## Try it
Nothing but an exact repetition of the listing should be returned.
***** Material supplied
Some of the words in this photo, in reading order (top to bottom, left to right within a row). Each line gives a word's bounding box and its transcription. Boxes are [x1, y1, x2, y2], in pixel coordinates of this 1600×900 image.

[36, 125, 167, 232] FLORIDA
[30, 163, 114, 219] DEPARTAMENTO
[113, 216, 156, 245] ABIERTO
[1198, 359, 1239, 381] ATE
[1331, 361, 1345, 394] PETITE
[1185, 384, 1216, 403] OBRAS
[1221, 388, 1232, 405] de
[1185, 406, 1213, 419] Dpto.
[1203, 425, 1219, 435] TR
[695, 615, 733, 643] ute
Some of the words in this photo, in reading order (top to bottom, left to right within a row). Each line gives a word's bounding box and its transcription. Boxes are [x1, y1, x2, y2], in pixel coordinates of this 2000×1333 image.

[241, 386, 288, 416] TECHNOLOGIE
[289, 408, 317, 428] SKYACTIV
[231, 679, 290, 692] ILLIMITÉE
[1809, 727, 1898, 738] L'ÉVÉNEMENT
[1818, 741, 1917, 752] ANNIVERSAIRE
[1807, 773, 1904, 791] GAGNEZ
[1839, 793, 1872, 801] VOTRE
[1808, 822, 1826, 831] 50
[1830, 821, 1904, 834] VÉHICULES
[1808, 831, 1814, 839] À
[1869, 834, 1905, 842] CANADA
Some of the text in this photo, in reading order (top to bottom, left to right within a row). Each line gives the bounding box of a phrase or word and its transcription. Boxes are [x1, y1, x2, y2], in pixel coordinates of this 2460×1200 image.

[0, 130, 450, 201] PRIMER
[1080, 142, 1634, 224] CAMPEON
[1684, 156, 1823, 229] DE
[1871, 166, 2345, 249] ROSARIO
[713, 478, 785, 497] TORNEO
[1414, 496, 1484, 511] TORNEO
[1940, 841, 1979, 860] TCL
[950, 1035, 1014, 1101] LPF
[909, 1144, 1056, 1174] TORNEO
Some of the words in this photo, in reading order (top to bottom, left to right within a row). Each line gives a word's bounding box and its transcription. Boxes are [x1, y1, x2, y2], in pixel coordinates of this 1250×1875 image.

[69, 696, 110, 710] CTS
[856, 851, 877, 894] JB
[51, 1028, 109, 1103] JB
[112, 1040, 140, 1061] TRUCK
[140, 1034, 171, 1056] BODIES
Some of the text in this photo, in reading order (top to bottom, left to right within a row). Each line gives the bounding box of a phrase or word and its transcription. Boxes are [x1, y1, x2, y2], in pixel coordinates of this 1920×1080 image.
**********
## Answer
Some of the words in this photo, in reading order (top to bottom, left to right within a row). Each line gives a word's bounding box and its transcription. Boxes are [x1, y1, x2, y2], in pixel coordinates of this 1600×900 image.

[36, 125, 167, 232] FLORIDA
[30, 163, 114, 219] DEPARTAMENTO
[113, 216, 156, 245] ABIERTO
[1198, 359, 1239, 381] ATE
[1331, 361, 1345, 394] PETITE
[1185, 384, 1216, 403] OBRAS
[1221, 388, 1232, 405] de
[1185, 406, 1213, 419] Dpto.
[1203, 425, 1219, 435] TR
[695, 615, 733, 643] ute
Some of the words in this photo, in reading order (top to bottom, left to right within a row). Each line gives a word's bounding box and its transcription. Boxes are [x1, y1, x2, y2], in pixel coordinates of this 2000×1333 image.

[241, 386, 288, 416] TECHNOLOGIE
[289, 408, 317, 428] SKYACTIV
[231, 679, 290, 692] ILLIMITÉE
[1809, 727, 1898, 738] L'ÉVÉNEMENT
[1818, 741, 1917, 752] ANNIVERSAIRE
[1807, 773, 1904, 791] GAGNEZ
[1839, 793, 1872, 801] VOTRE
[1808, 822, 1826, 831] 50
[1830, 821, 1904, 834] VÉHICULES
[1808, 831, 1814, 839] À
[1869, 834, 1905, 842] CANADA
Some of the text in this photo, in reading order (top to bottom, left to right within a row). Each line gives the bounding box of a phrase or word and its transcription. Boxes are [x1, y1, x2, y2], in pixel coordinates of this 2460×1200 image.

[0, 130, 450, 201] PRIMER
[1080, 142, 1634, 224] CAMPEON
[1684, 156, 1823, 229] DE
[1871, 166, 2345, 249] ROSARIO
[713, 478, 785, 497] TORNEO
[1414, 496, 1484, 511] TORNEO
[1940, 841, 1979, 860] TCL
[950, 1035, 1014, 1101] LPF
[909, 1144, 1056, 1174] TORNEO
Some of the words in this photo, in reading order (top to bottom, left to right within a row). Each line gives a word's bounding box and its transcription. Boxes are [x1, y1, x2, y2], in pixel coordinates of this 1250×1875 image.

[69, 696, 110, 710] CTS
[856, 851, 877, 894] JB
[51, 1028, 109, 1103] JB
[112, 1040, 140, 1061] TRUCK
[140, 1034, 171, 1056] BODIES
Some of the text in this photo, in reading order (top to bottom, left to right within a row). Each line gives the bounding box of a phrase or word and its transcription. Boxes are [x1, y1, x2, y2], in pixel coordinates of this 1920×1080 image.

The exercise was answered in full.